Note que escrevo no tempo passado, porque o Andrea (snif) vendeu sua cantina. O nome continua o mesmo e a comida continua a mesma, mas me sinto meio órfão, porque nem sequer posso mais contestar o radicalismo do Andrea e argumentar que massa com almôndegas é, sim, comida italiana, porque foi inventada por italianos como ele que atravessaram o oceano e vieram para a “Mérica, Mérica, Mérica”.
Há outras comidas italianas criadas alhures, a mais nobre delas é o filé à parmegiana, que não é de Parma, é de São Paulo.
Esses italianos desterrados são mesmo admiráveis. São generosos, criativos e enérgicos. Escrevo sobre eles hoje porque assisti ao filme O Irlandês, que, apesar do título, trata de italianos radicados na América (Mérica, Mérica).
O irlandês protagonista do filme, que se mistura com italianos, é um assassino profissional, e não vai aí nenhum spoiler, não se aflija. Ele, bem como outros personagens da trama, existiu de verdade, em um tempo fascinante da história dos Estados Unidos, o tempo dos Kennedy, de Sinatra, de Marilyn Monroe, de Ava Gardner e outros tantos.

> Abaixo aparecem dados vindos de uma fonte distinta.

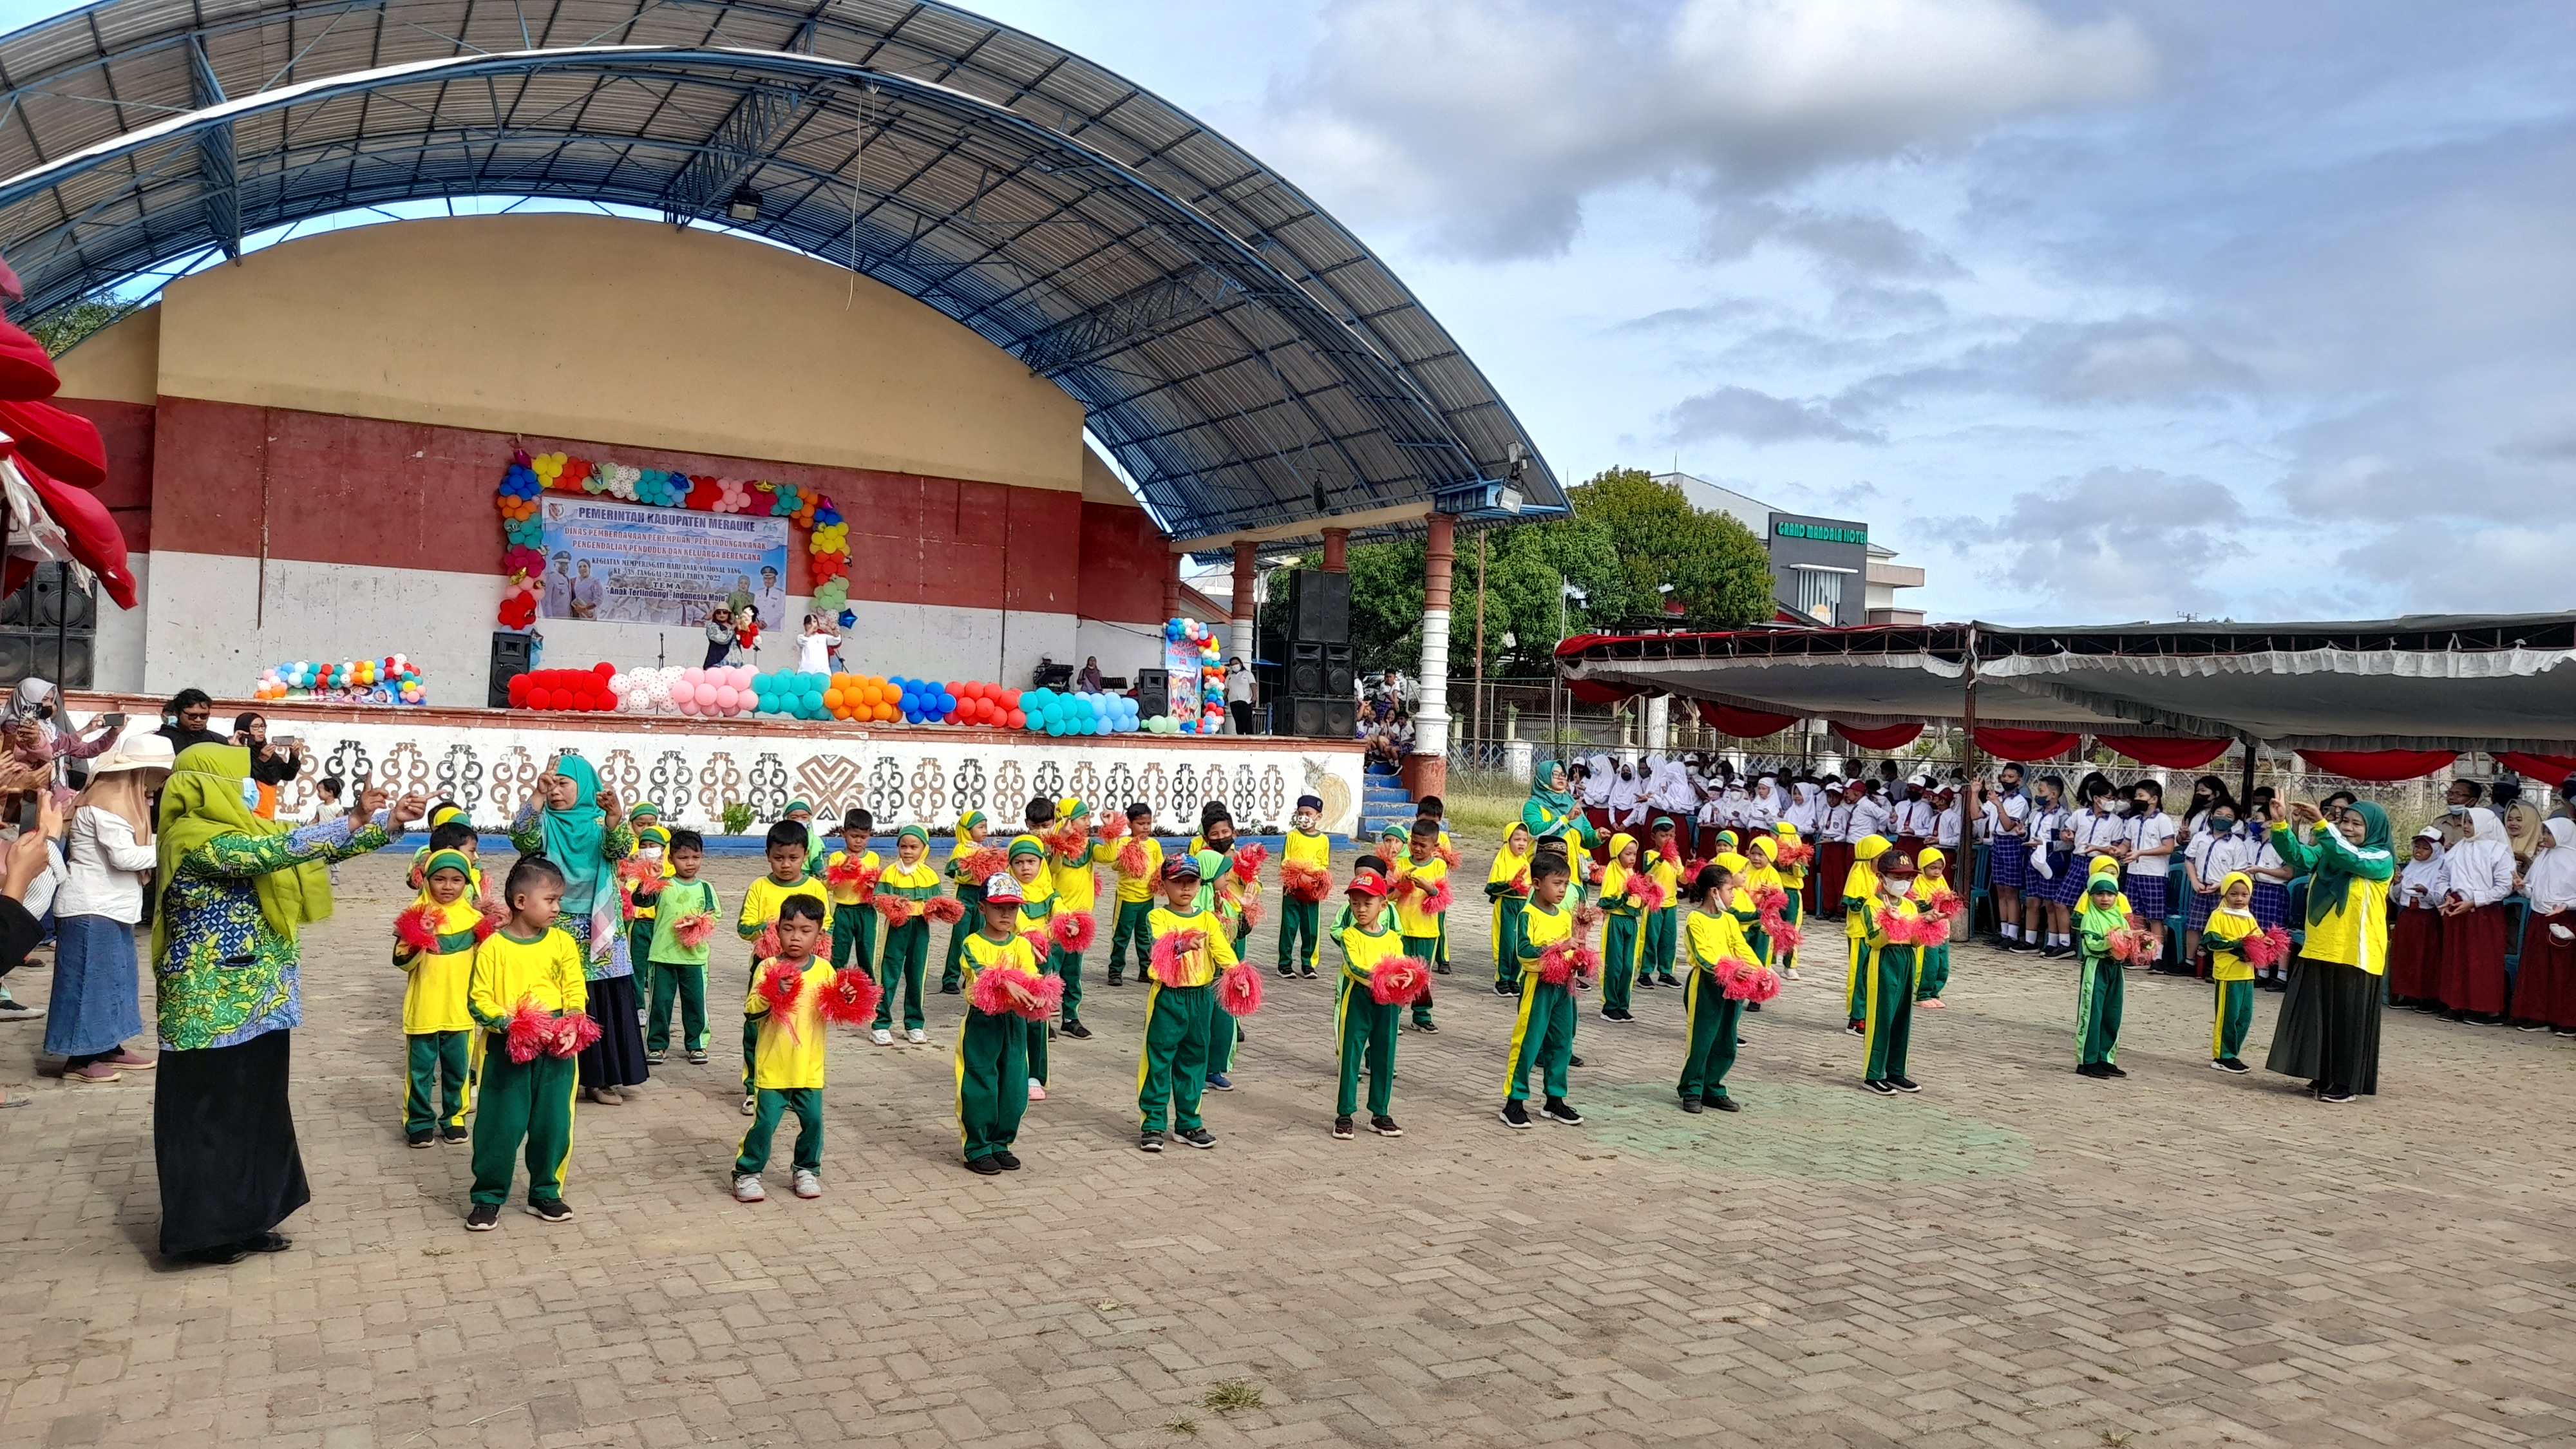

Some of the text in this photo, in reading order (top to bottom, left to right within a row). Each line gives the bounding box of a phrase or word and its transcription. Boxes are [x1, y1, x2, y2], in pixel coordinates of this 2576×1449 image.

Há um livro que você tem de ler acerca dessa época. Sempre o recomendo. É Tabloide Americano, de James Ellroy, um diamante da literatura agressiva e mundana dos Estados Unidos. Ellroy escreveu uma continuação, 6 Mil em Espécie, mas ela não tem o mesmo vigor.
Existe toda uma produção a respeito desse tempo em que os italianos dominaram a América. O maior filme de todos os tempos, O Poderoso Chefão, é uma das pontas dessa estrela. O Irlandês, de certa forma, é filho do Poderoso Chefão.
Mas muitos já falaram e escreveram a respeito desse filme e decerto o fizeram com mais competência do que eu. Quero abordar apenas uma cena minúscula, na verdade um pedaço de cena, uns 10 ou 15 segundos no máximo, em meio às três horas e meia em que o espectador fica no cinema ou diante da TV.
Assista ao trailer de O Irlandês
Acontece na festa de aniversário de um mafioso, Joe Crazy Gallo. Esse Joe Crazy era crazy mesmo, chegou a sequestrar os próprios patrões mafiosos e sobreviveu a tamanha temeridade. Bob Dylan compôs uma música lenta e gingada contando a história dele.
Nessa festa, Joe desrespeita outro mafioso, Russel Bufalino, chamado The Quiet Don, interpretado de forma genial por Joe Pesci, que, se não ganhar o Oscar, pode mandar fechar a Academia. Pesci construiu um personagem sombrio e silencioso, como sugere seu codinome. Ele se expressa mais com silêncios e é de um breve silêncio que estou falando. Dá-se depois que Joe Gallo provoca Bufalino. O Irlandês, vivido por Robert de Niro, estava sentado à mesa com Bufalino e levantou-se para apaziguar Joe Gallo. Conseguiu e voltou. Acomoda-se diante de Pesci-Bufalino. Que não fala nada, apenas olha rapidamente nos olhos do Irlandês. E naquele olhar há ódio, há fúria e há uma decisão irrecorrível. Ali está, em uma cena rápida como um suspiro, um resumo de toda a história. O Irlandês compreende o que significa aquele olhar, lamenta o que vai ocorrer em seguida por causa dele, mas sabe o que tem de fazer.
Fará?
Veja o filme.
Os 10 segundos do olhar de Joe Pesci são 10 segundos de glória do cinema.